[DATA UNDER STUDY Boundary: Start]
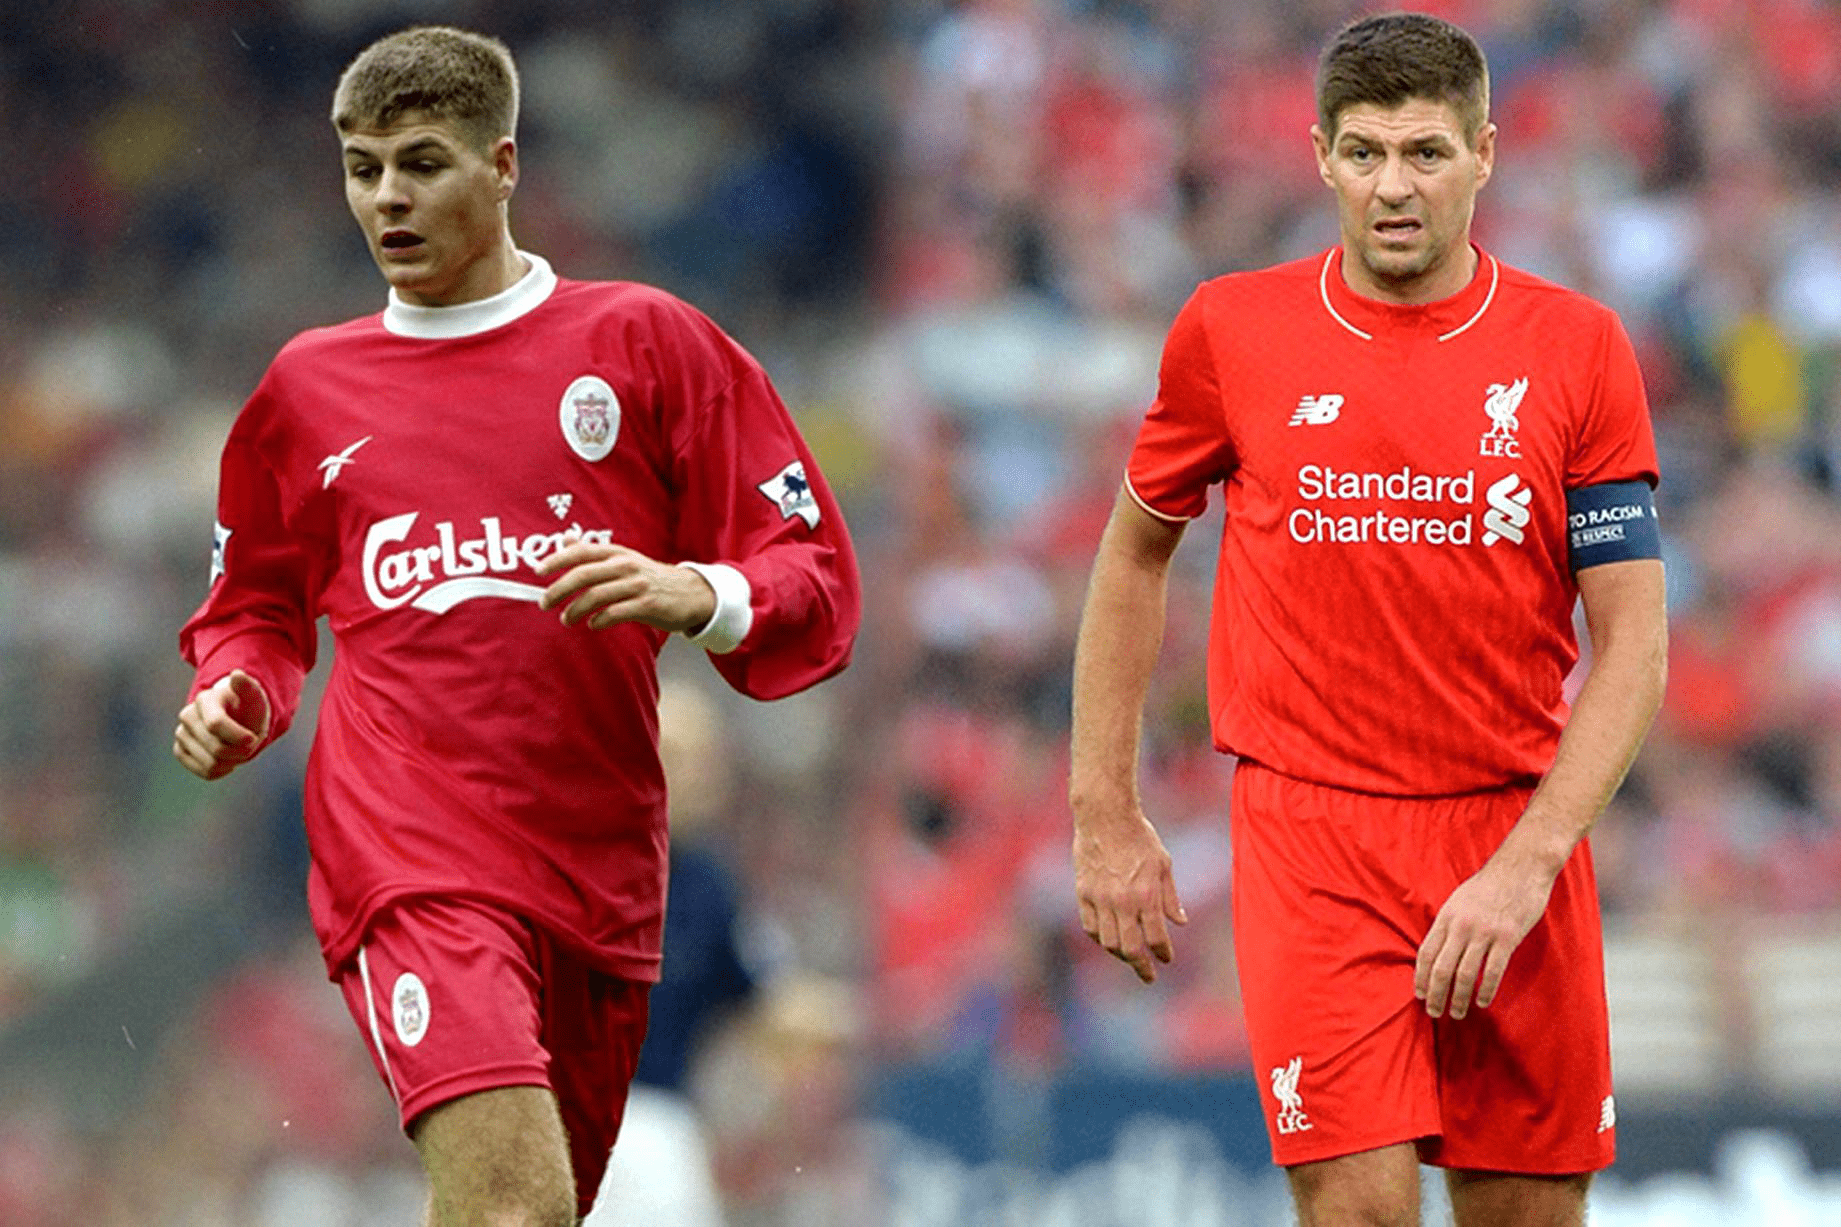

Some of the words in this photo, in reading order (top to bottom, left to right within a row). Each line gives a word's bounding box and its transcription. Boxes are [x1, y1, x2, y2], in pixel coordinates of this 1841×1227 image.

[1298, 464, 1475, 504] Standard
[1288, 508, 1472, 546] Chartered
[1588, 505, 1645, 525] RACISM
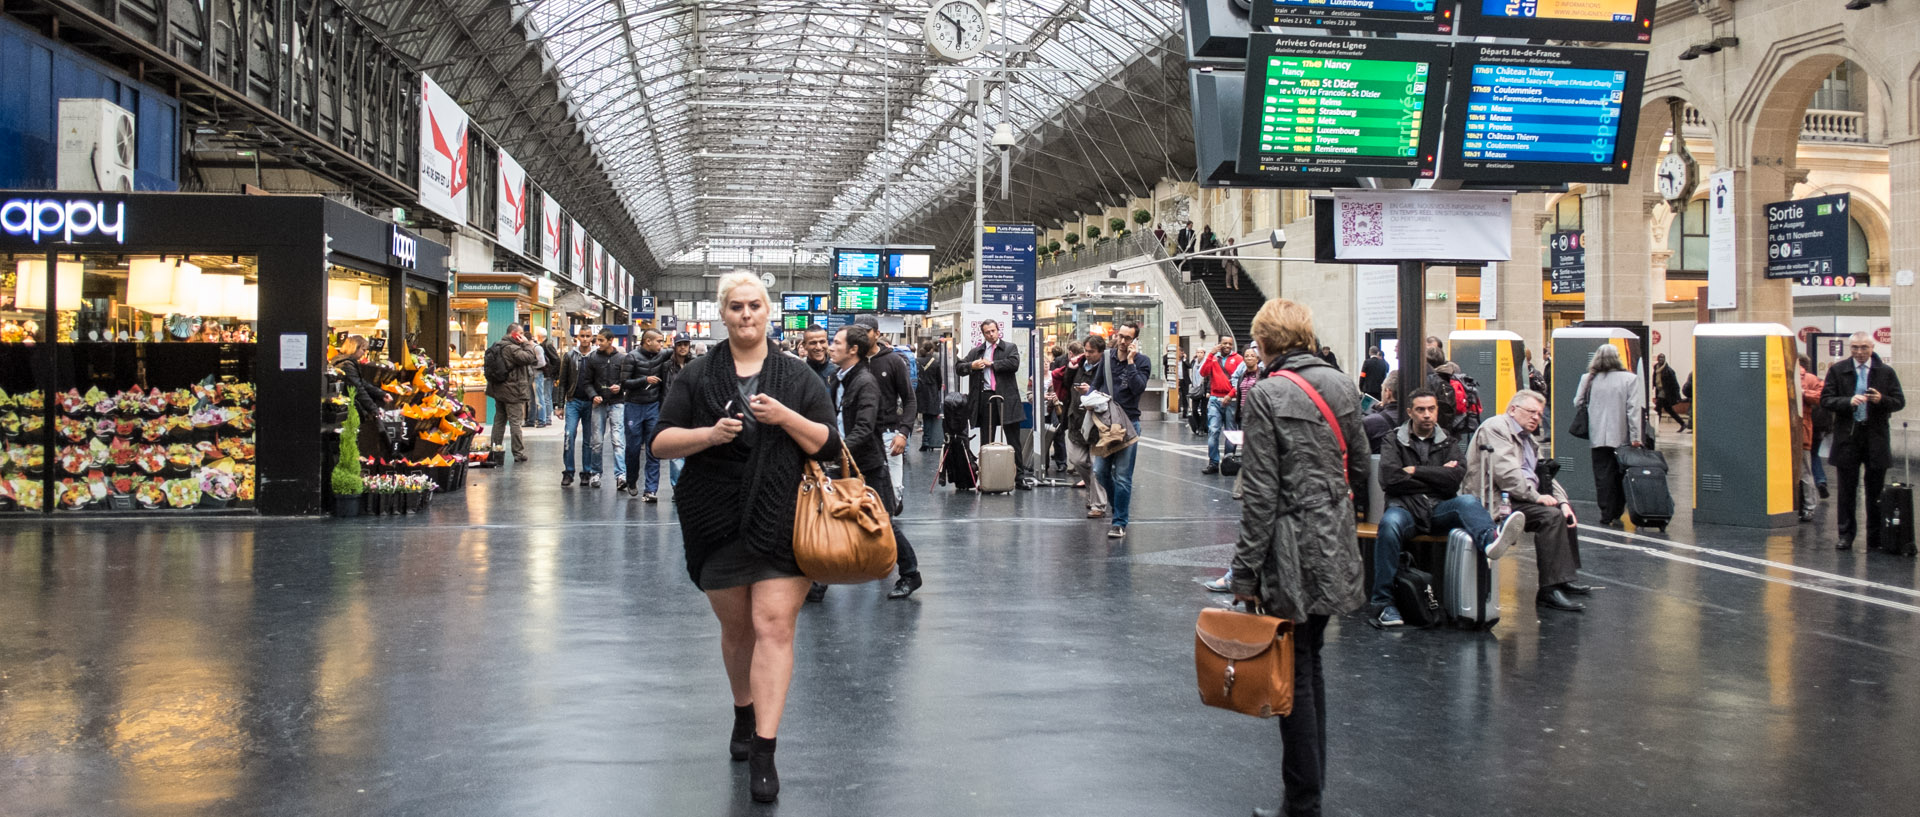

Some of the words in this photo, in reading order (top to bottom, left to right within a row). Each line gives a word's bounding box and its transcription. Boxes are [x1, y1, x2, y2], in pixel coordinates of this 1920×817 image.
[DATA UNDER STUDY Boundary: End]
**EXERCISE OBJECTIVE:**
Your task is to set down the records shown above exactly, minus any pictures.

**OUTPUT FOR THIS TASK:**
Some of the words in this photo, in reading order (top to bottom, left to right within a row). Each line gives a word's bounding box and its transcription. Boxes are [x1, y1, x2, y2], in pixel coordinates of this 1841×1227 image.

[1298, 464, 1475, 504] Standard
[1288, 508, 1472, 546] Chartered
[1588, 505, 1645, 525] RACISM

Some of the words in this photo, in reading order (top to bottom, left to right within a row). Each line gives a word's bounding box and its transcription. Boxes are [x1, y1, x2, y2], in pixel coordinates of this 1920×817 image.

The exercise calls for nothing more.